▸ **Exercise**:
Every entry below should be transcribed exactly; pictures stay out of the copy.

▸ **Input for this task**:
»»

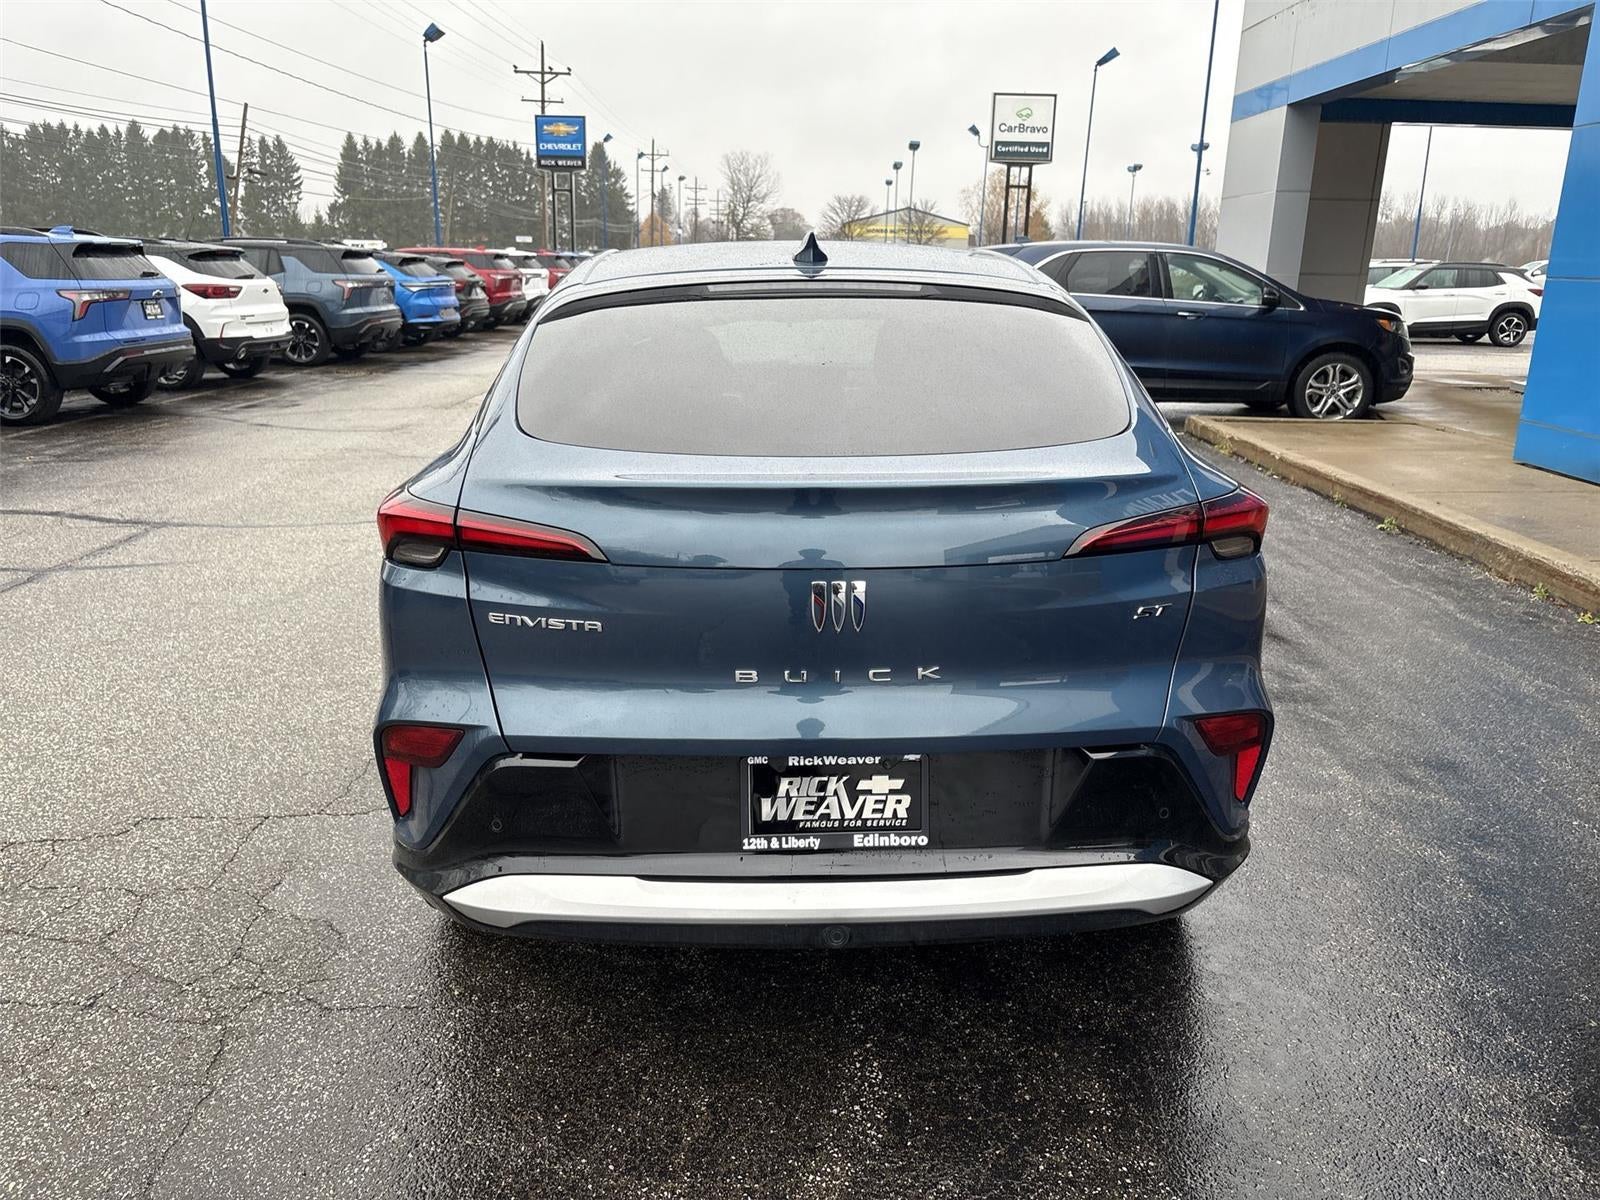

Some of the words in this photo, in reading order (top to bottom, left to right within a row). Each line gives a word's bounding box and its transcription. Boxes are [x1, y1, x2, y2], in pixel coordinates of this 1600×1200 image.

[998, 122, 1048, 133] CarBravo
[997, 145, 1029, 153] Certified
[1133, 603, 1172, 619] ST
[488, 612, 603, 632] ENVISTA
[735, 666, 942, 683] BUICK
[747, 756, 768, 765] GMC
[788, 755, 881, 767] RickWeaver
[777, 775, 850, 798] RICK
[761, 794, 911, 821] WEAVER
[800, 820, 839, 828] FAMOUS
[843, 820, 862, 828] FOR
[866, 819, 907, 827] SERVICE
[742, 837, 768, 850] 12th
[770, 838, 779, 849] &
[781, 836, 821, 850] Liberty
[853, 833, 928, 847] Edinboro
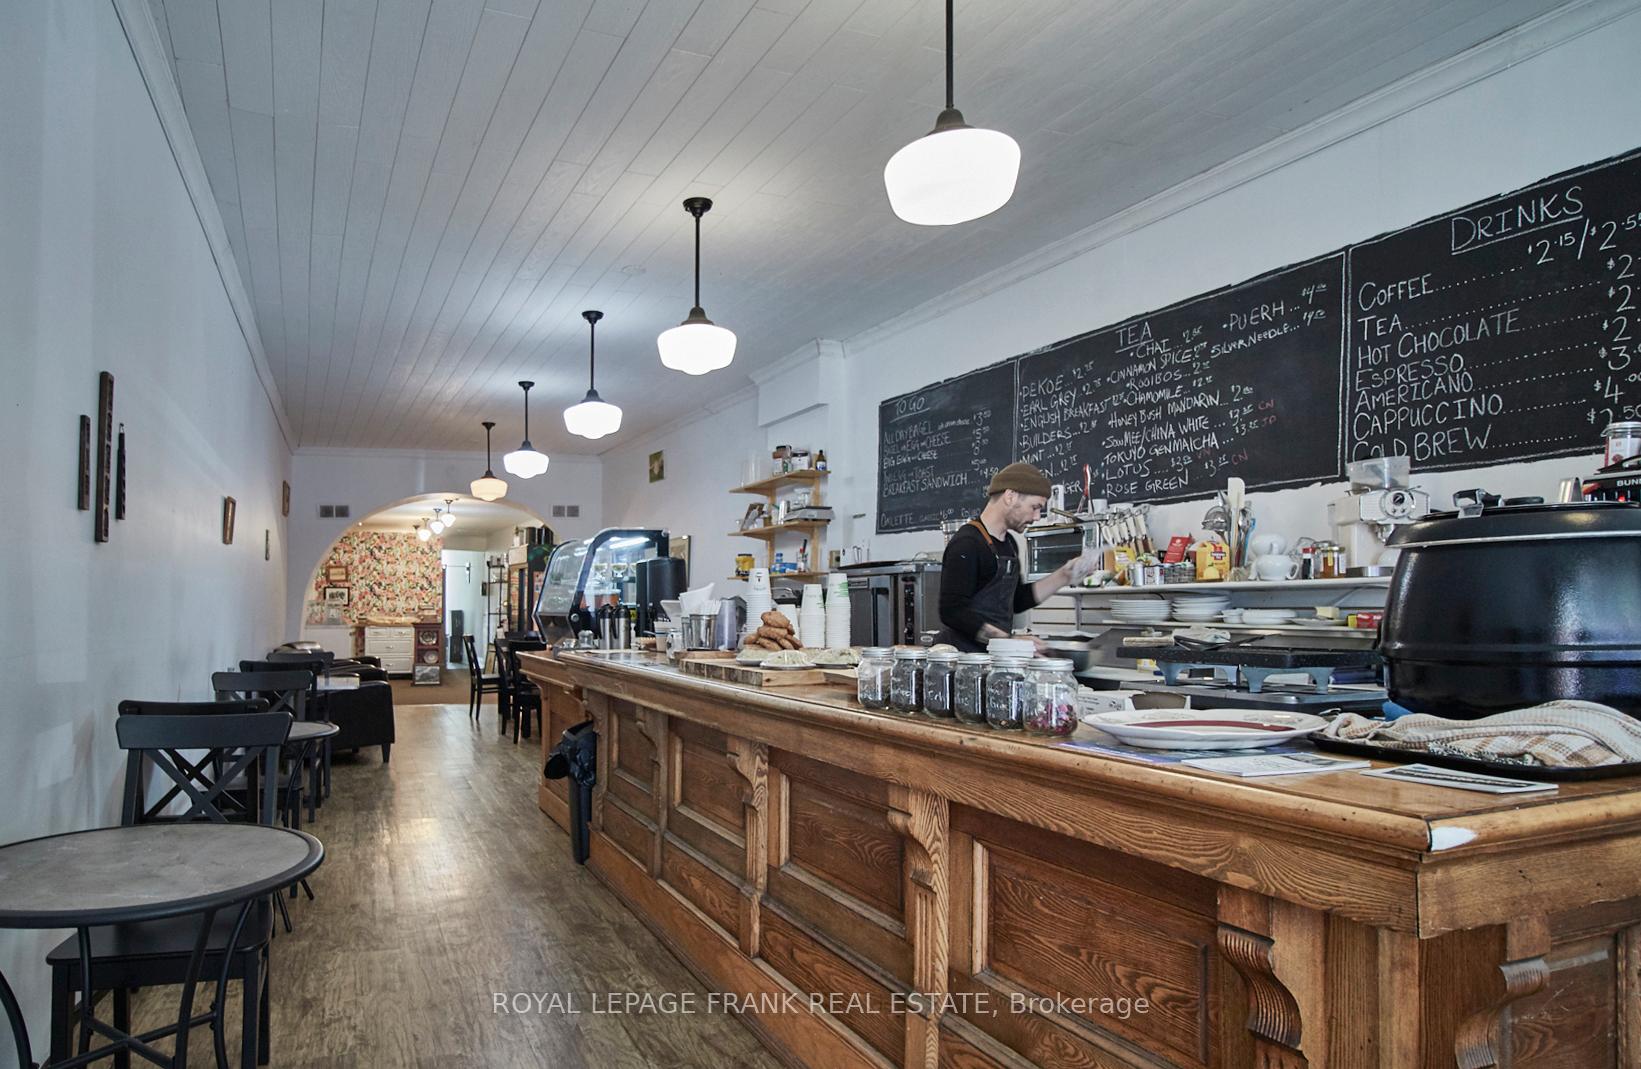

««

▸ **Exercise solution**:
Some of the words in this photo, in reading order (top to bottom, left to right within a row). Each line gives a word's bounding box and its transcription. Boxes are [x1, y1, x2, y2], in pixel coordinates of this 1600×1200 image.

[998, 122, 1048, 133] CarBravo
[997, 145, 1029, 153] Certified
[1133, 603, 1172, 619] ST
[488, 612, 603, 632] ENVISTA
[735, 666, 942, 683] BUICK
[747, 756, 768, 765] GMC
[788, 755, 881, 767] RickWeaver
[777, 775, 850, 798] RICK
[761, 794, 911, 821] WEAVER
[800, 820, 839, 828] FAMOUS
[843, 820, 862, 828] FOR
[866, 819, 907, 827] SERVICE
[742, 837, 768, 850] 12th
[770, 838, 779, 849] &
[781, 836, 821, 850] Liberty
[853, 833, 928, 847] Edinboro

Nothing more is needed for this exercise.